■ **Provided records**
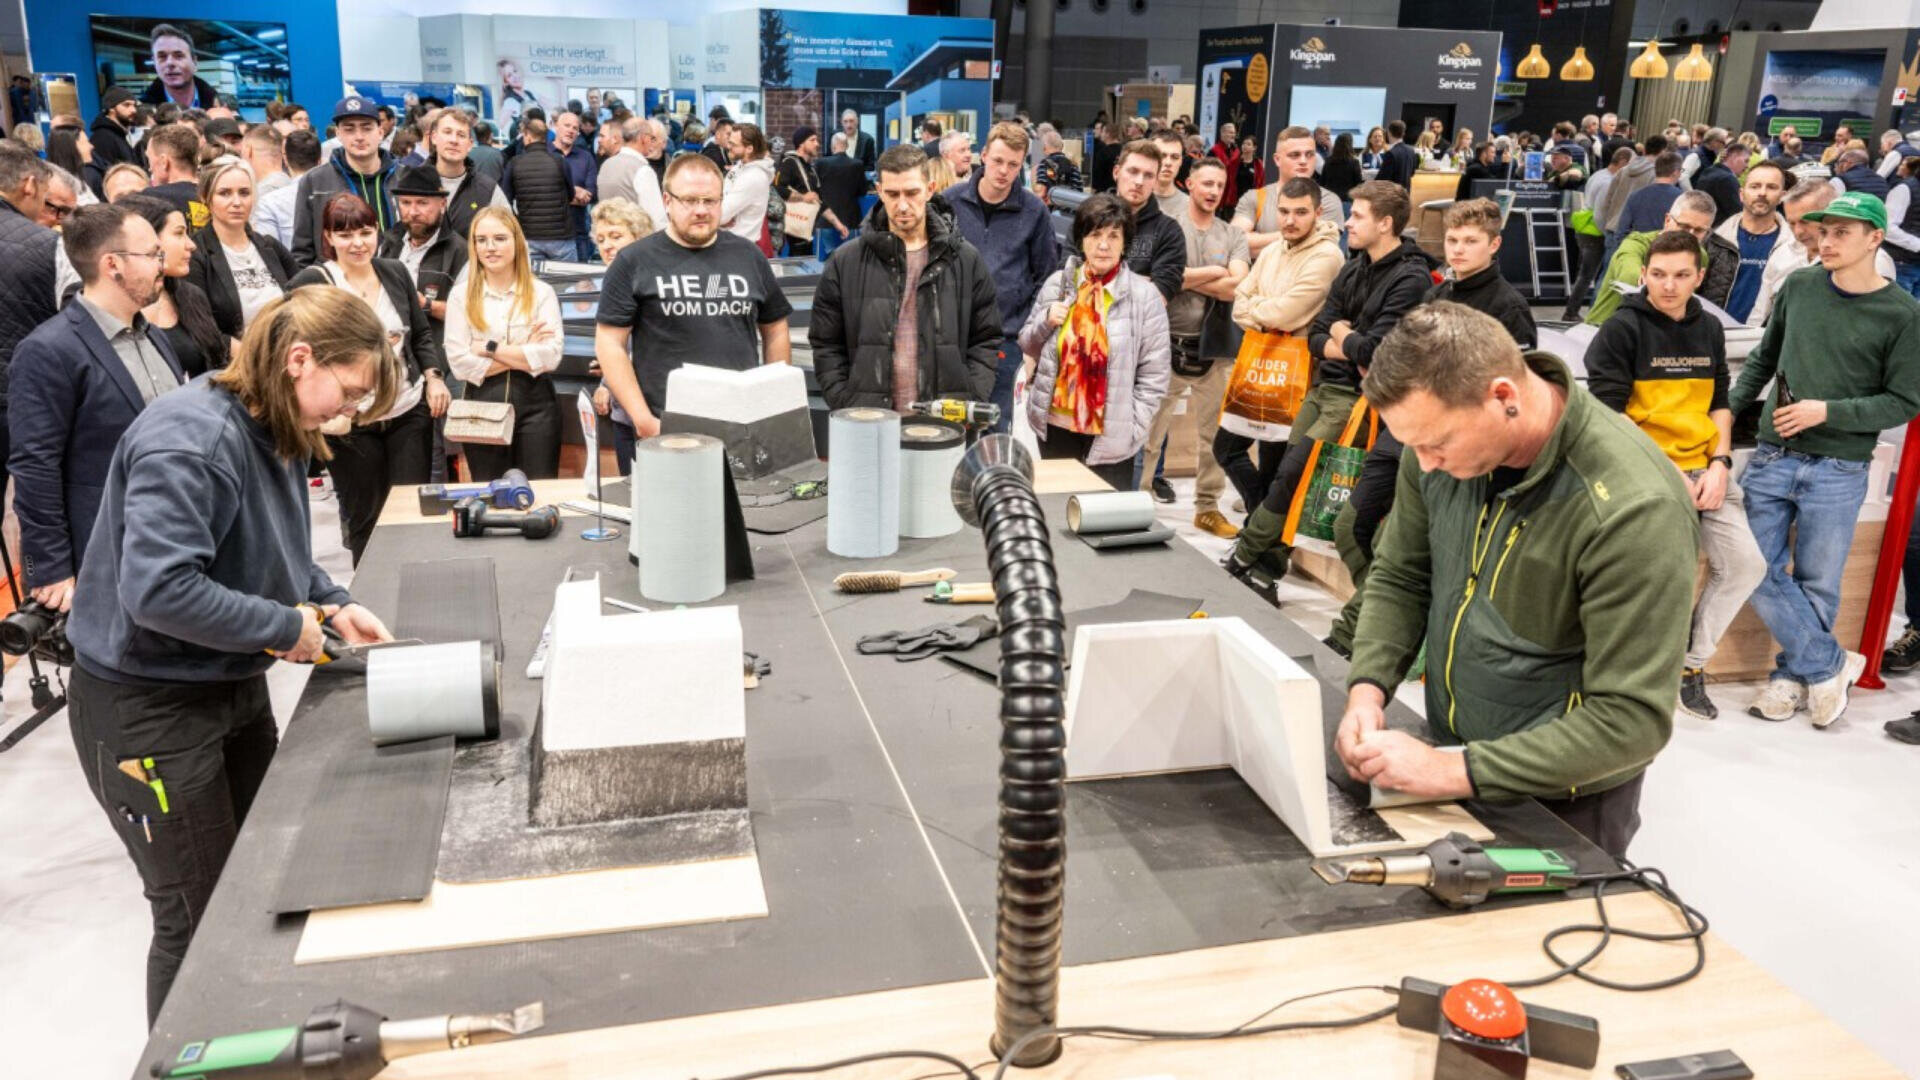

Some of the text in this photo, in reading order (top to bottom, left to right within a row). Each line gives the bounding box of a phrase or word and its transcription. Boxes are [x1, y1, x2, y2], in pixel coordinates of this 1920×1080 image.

[528, 44, 608, 62] Leicht verlegt.
[1289, 49, 1336, 64] Kingspan
[530, 61, 565, 73] Clever
[1437, 54, 1482, 69] Kingspan
[1437, 77, 1477, 90] Services
[661, 300, 752, 317] VOM DACH
[1245, 369, 1286, 388] OLAR
[1328, 486, 1351, 502] GR

■ **Instructions to follow**
Give back every line of the material above word for word, leaving out the pictures.

■ **Completed exercise**
Some of the text in this photo, in reading order (top to bottom, left to right within a row). Each line gives the bounding box of a phrase or word and its transcription. Boxes are [x1, y1, x2, y2], in pixel coordinates of this 1920×1080 image.

[528, 44, 608, 62] Leicht verlegt.
[1289, 49, 1336, 64] Kingspan
[530, 61, 565, 73] Clever
[1437, 54, 1482, 69] Kingspan
[1437, 77, 1477, 90] Services
[661, 300, 752, 317] VOM DACH
[1245, 369, 1286, 388] OLAR
[1328, 486, 1351, 502] GR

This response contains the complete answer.